The creature growled, a monstrous reptilian sound. Then it rolled over and over, dragging Striker and Takala with it. Takala felt her head pound the rocky floor again and again, but she kept her hands buried in the snake’s writhing flesh.
Striker managed to grab the creature’s head, and the thrashing stopped for a moment.
With one quick trust, Takala ripped open the snake’s underbelly. Surprisingly there was little blood, mostly writhing and twitching muscle. She managed to wiggle free and ran to he
lp Striker.
Striker still had a death lock on the head, but the snake’s coiled body trapped him.
She caught his shoulder for leverage, then drop-kicked the snake in the head, driving the tip of her boot into its eyeball.
The snake growled and thrashed again.
She rolled down onto her feet and wheeled around to attack again, but Striker ripped off the jaw of the snake…and half its head.
It flipped one last time, then lay there, muscles still jerking in the throes of contracting. Striker crawled out from beneath the heavy body.
Takala helped him stand and asked, “Are you okay?”
“Of course.” He wore the expression of a vampire who had just felt his own mortality and couldn’t believe it.
She heard the slight waver in his voice and saw that he’d torn his tie in the fight. It was the first time she’d seen him a little rattled, and he kept staring at her bloody hands. “Aren’t you glad I came along?” she asked.
In one slick move, he extracted the handkerchief from his breast pocket, shook it out, and handed it to her.
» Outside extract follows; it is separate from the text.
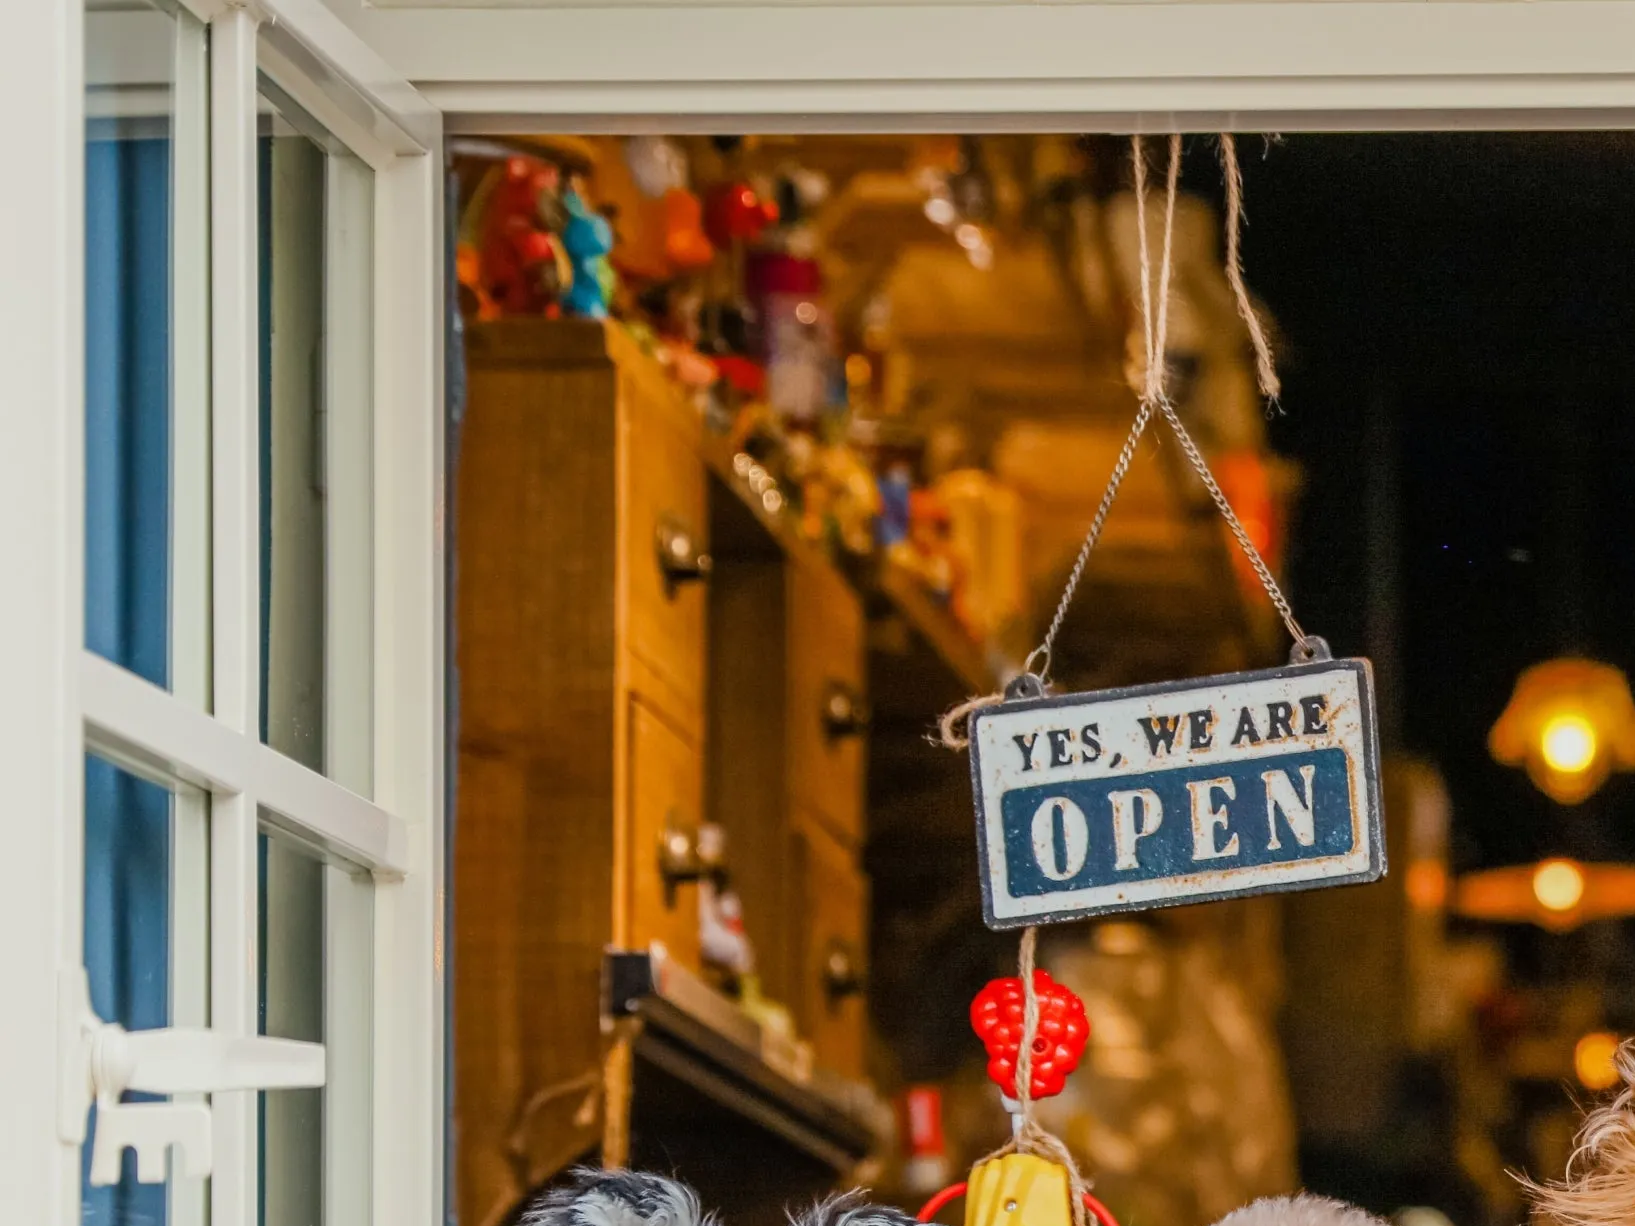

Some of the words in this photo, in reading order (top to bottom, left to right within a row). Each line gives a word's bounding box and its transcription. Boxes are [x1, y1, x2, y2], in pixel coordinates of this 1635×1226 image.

He kept his gaze from her hands. “We just killed the only lead I had to Raithe. Glad doesn’t describe how I feel at the moment.”
“It was either kill him or he’d kill us.” Takala wiped her hands and flinched as the material met the gouges on her fingers. “Thanks.” She held out the kerchief.
“Keep it.” He waved it away. His eyes took on a frantic, ravenous appearance. The pupils dilated, the whites quickly overtaken. They were wide black holes, swallowing everything in sight. The humans. The bloodbath in the cave. His gaze landed on her.
He swallowed hard, his Adam’s apple working in his throat. “I have to get some air.”
Before Takala could answer him, he fast-forwarded and disappeared.
She had found the chink in his armor. Blood. She tossed the handkerchief to the floor, then moved toward the chained humans, who called for help.
“Don’t worry, I’ll untie all of you,” Takala said. “Please, someone tell me who did this to you?”
“Don’t move.” An elderly man with a thick gray mustache and salt-and-pepper hair spoke in broken English. “There’s a trap. On the floor.”